Jem Southam. The Pig, the Lamb and the Goat, 1982-1994
The Red River was innovative within contemporary paradigms of photographic technique. It was the photographer’s first resolved work in colour, a practice uncommon in the 1980s. At times, Southam also subverts conventional compositional techniques with radical angles and close distances to the subject matter. Amid these technical transgressions, Southam punctuates the series with traditional landscape imagery which evokes English Romanticism.
Made in the 1980s and revisited in the 1990s, Southam’s project followed the path of the Red River from its source in Troon, along its heavily industrialised valley, and through to the sea. Tin mining gave the slender stream its distinctive red hue. Declining and almost entirely disappeared when Southam was creating The Red River, the industrial identity of the valley was steadily transforming from a reality into an historical fact. He began to photograph the scattered, decaying relics of this industrial past as they slowly merged with the flora, leaving their scars on the land.

B. United Kingdom 1950
Biography
Jem Southam’s richly detailed works document subtle changes and transitions of the South West English landscape, allowing the artist to explore cycles of life and death through spring and winter, and also to reveal the subtlest of human interventions in the natural landscape. His work is characterised by its balance of poetry and lyricism within a documentary practice.

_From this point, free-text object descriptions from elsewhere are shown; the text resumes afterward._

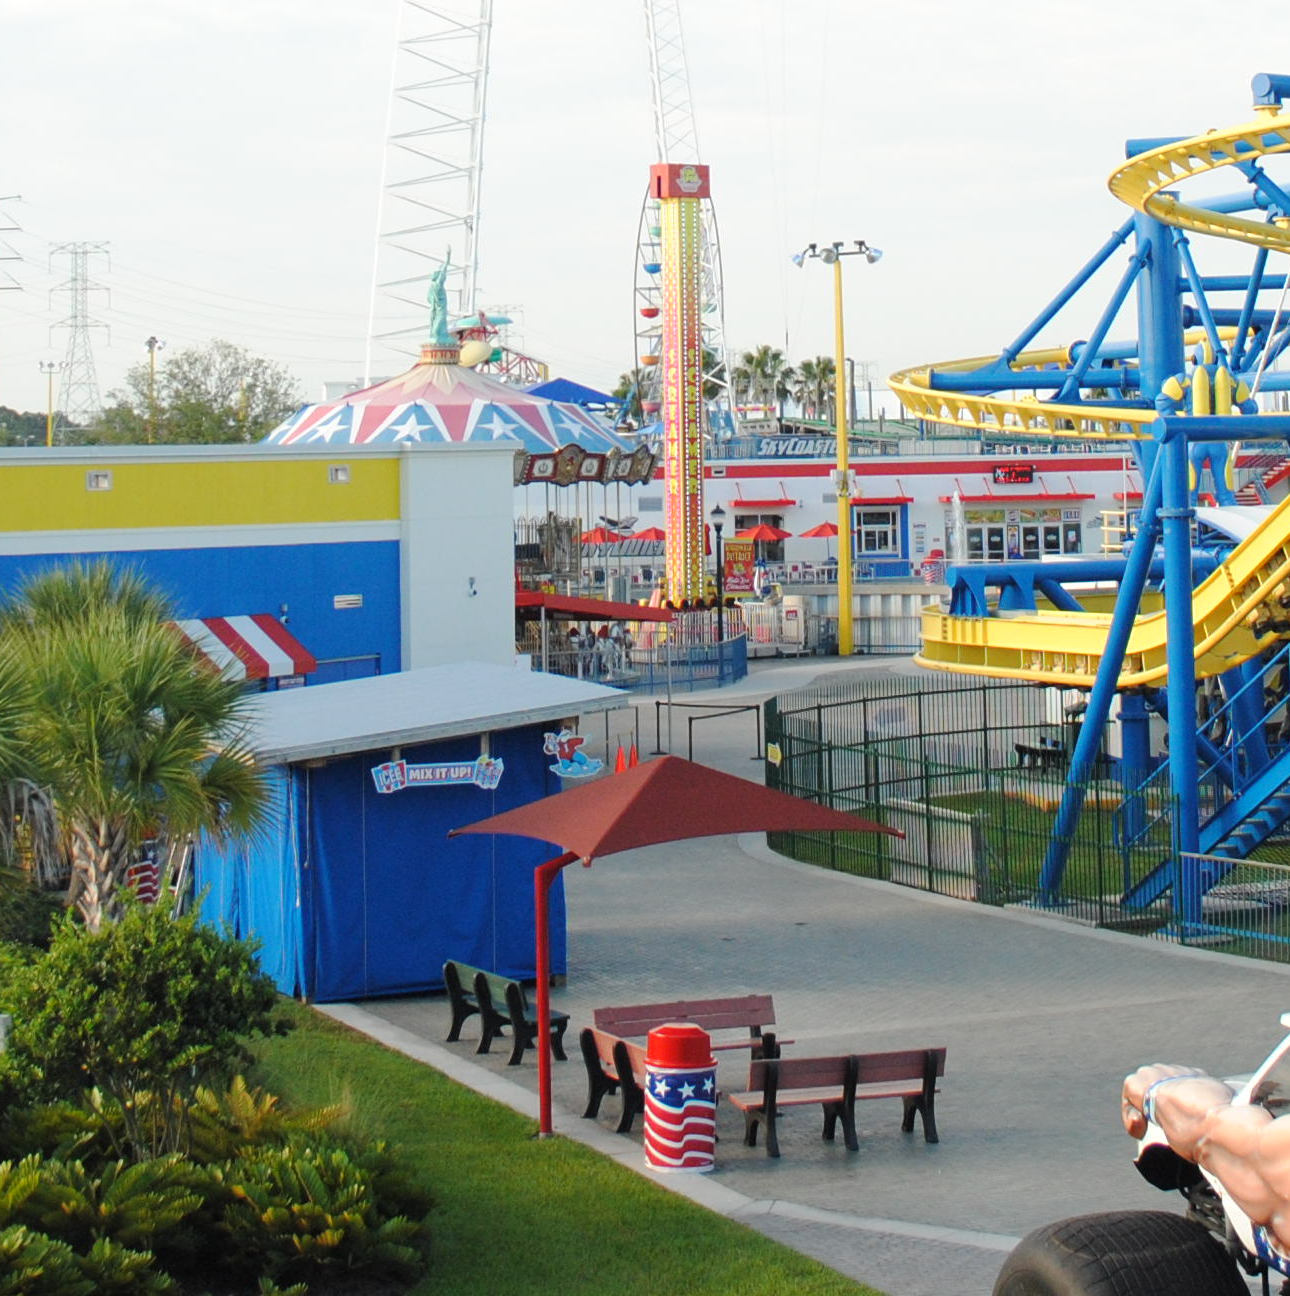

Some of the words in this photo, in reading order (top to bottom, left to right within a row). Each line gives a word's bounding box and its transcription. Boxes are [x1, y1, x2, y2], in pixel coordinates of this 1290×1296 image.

[687, 348, 698, 495] SCREAMER
[757, 437, 837, 455] SKYCOASTE
[378, 766, 404, 786] ICEE
[409, 768, 433, 781] MIX
[435, 767, 448, 779] IT
[451, 766, 472, 779] UP!

Southam’s works exclusively in series, with bodies of work including Bristol City Docks (1977 – 1984); Paintings of West Cornwall (1982 – 1986); The Red River (1982-1987); The Raft of Carrots (1992); The Shape of Time: Rockfalls, Rivermouths and Ponds (2000); and Upton Pyne and the Red River (2007). Southam’s early and seminal body of work The Red River followed a small stream in the West of Cornwall from source to sea, documenting the legacy of tin mining on the river’s valley and the people who live there.

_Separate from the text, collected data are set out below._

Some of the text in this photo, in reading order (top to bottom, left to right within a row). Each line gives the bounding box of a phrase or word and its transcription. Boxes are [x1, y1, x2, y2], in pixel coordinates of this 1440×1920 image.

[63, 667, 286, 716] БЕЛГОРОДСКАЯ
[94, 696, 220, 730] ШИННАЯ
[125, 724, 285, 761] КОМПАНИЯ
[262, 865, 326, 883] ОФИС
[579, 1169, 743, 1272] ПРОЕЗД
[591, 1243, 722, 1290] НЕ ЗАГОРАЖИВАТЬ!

His 2012 series The River – Winter investigated how the concept of winter is embedded in society’s shared imagination. The series traced the passage of a single winter, following the path of the river Exe and its tributaries in Devon. The Moth (2018), revisits sites from The Red River made almost two decades earlier. Inspired by the old English poems ‘The Wanderer’ and ‘The Seafarer’, the series moves freely between interior and exterior, from sweeping vistas to quiet, overlooked details of rural life. Southam’s 2018 series The Long White Cloud is the result of a six-week journey to document the landscapes of both the North and South Islands of New Zealand. The photographs in this series show his continued fascination with the subtleties of colour, with reflection and transience, and with the effects of the shifting seasons and weather on the landscape. Exploring notions of the sublime in the varied natural landscapes of New Zealand, these photographs accentuate the connections between the drama of nature to the inherent mythologies of the land.
Born in Bristol in 1950, Southam has had solo exhibitions at The Photographers Gallery, London, Tate St Ives, Cornwall and The Victoria & Albert Museum, London. His work is held in many important collections, including those of the Rijksmuseum, Amsterdam, Museum Folkwang, Essen, the Yale Centre for British Art, New Haven, and the The Victoria & Albert Museum. He is currently Professor of Photography at the University of Plymouth.